In 1923, Bjelke-Petersen and his brother sold their Melbourne business to Percy Pearce, where it became known as the Pearce Bjelke-Petersen Institute. They subsequently concentrated on their Sydney gymnasium on Elizabeth Street, and in the same year he claimed to have given instruction to more than 5,000 students in Sydney across nearly 100 schools. Their premises expanded to include "squash and basketball courts, [...] departments for remedial exercises, orthopaedic massage and electrical treatment". From the 1920s onwards, Bjelke-Petersen's institutes increasingly focused on women, with his physical culture system evolved into a form of dance-based aerobics nicknamed "physie". He was an advocate for women's fitness and opposed the use of restrictive garments like corsets. He retired from active participation in 1927 but remained a director of the institutes.

==Military service==
In 1911, Bjelke-Petersen was appointed by the Fisher government as director of a physical training scheme within the Department of Defence, despite objections that he was not a native-born citizen. He was given the honorary rank of lieutenant-colonel and continued the scheme until the outbreak of World War I in 1914, organising the training of instructors for cadets and schoolchildren within the Universal Training Scheme. Bjelke-Petersen resumed his involvement with the military in 1918 as an inspector of physical training. He was later an honorary consultant from 1920 to 1922.

==Personal life==
In 1933, Bjelke-Petersen married Dorothy Gertrude Leonie Henri, a theological college student who claimed descent from French nobility. The couple had a 30-year age difference, and had no children. His nephew Joh Bjelke-Petersen became premier of Queensland.

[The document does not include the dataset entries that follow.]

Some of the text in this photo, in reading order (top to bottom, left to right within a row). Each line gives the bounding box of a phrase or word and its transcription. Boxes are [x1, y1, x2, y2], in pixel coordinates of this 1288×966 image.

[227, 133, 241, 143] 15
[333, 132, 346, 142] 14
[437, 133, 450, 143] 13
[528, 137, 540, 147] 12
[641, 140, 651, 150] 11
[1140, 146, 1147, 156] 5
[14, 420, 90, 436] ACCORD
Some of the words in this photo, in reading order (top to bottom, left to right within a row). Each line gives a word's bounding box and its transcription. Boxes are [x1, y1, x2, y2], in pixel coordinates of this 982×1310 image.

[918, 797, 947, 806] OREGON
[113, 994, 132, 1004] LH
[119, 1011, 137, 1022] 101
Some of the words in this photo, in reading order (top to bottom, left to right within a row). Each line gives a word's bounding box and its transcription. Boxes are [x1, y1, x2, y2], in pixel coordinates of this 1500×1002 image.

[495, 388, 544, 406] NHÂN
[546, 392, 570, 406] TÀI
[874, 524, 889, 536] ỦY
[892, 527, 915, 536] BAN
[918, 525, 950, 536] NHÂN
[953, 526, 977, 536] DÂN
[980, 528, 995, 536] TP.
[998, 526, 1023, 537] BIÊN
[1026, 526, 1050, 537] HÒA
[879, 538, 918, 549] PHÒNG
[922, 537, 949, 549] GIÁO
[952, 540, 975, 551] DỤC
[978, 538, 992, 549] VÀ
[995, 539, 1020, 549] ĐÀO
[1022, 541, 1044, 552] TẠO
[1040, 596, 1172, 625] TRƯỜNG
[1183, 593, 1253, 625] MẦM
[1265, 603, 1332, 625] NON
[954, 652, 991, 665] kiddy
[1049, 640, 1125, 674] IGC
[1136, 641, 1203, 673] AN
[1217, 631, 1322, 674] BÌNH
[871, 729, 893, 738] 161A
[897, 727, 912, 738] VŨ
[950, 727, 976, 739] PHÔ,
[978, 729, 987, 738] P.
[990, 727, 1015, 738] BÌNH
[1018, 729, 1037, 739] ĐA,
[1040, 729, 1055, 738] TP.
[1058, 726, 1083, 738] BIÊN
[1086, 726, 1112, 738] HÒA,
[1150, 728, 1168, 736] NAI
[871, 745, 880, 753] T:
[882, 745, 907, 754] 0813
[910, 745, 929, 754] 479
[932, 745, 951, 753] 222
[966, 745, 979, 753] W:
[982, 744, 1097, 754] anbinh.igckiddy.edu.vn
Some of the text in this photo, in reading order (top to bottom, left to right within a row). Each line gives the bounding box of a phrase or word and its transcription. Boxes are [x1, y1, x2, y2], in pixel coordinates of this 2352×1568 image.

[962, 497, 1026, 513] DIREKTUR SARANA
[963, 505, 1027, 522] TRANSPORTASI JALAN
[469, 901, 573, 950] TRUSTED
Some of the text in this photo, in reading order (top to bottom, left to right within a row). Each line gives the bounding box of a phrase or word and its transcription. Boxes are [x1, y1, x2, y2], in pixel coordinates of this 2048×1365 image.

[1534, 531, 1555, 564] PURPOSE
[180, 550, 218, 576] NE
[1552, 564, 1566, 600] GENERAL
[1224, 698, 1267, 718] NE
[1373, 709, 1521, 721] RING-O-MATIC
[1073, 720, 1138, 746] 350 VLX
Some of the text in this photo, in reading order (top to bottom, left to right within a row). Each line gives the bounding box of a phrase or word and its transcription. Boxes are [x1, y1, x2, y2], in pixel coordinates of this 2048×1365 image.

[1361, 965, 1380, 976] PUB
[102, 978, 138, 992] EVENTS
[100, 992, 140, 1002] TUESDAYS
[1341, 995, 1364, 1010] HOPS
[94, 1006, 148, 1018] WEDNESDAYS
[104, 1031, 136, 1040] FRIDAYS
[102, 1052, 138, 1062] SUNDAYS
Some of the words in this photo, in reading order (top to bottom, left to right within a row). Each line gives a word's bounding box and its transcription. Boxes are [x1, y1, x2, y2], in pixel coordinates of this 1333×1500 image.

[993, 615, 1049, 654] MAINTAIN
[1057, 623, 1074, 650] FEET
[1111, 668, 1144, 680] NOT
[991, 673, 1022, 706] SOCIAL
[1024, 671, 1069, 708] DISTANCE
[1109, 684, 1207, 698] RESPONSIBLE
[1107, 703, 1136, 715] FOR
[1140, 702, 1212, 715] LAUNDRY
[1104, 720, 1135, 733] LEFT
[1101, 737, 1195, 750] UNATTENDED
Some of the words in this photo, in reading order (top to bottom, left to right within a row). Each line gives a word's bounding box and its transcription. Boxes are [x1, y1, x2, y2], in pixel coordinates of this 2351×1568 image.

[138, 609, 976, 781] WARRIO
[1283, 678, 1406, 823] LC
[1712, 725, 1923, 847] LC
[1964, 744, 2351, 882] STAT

Bjelke-Petersen retired back to Tasmania where he was involved with the Pocket Testament League and Christian youth organisations. He was also involved with the creation of the Teachers' Christian Fellowship in Tasmania, modelled on a Danish organisation.

Bjelke-Petersen died on 23 May 1964 in Eaglehawk Neck, Tasmania, aged 92. In the 1980s, his widow asserted that the couple had been engaged as Australian spies in Europe in the mid-1930s, making use of Bjelke-Petersen's German language skills and "observing political developments, speaking to people in authority, concluding that war was, indeed, coming and reporting to the Australian authorities".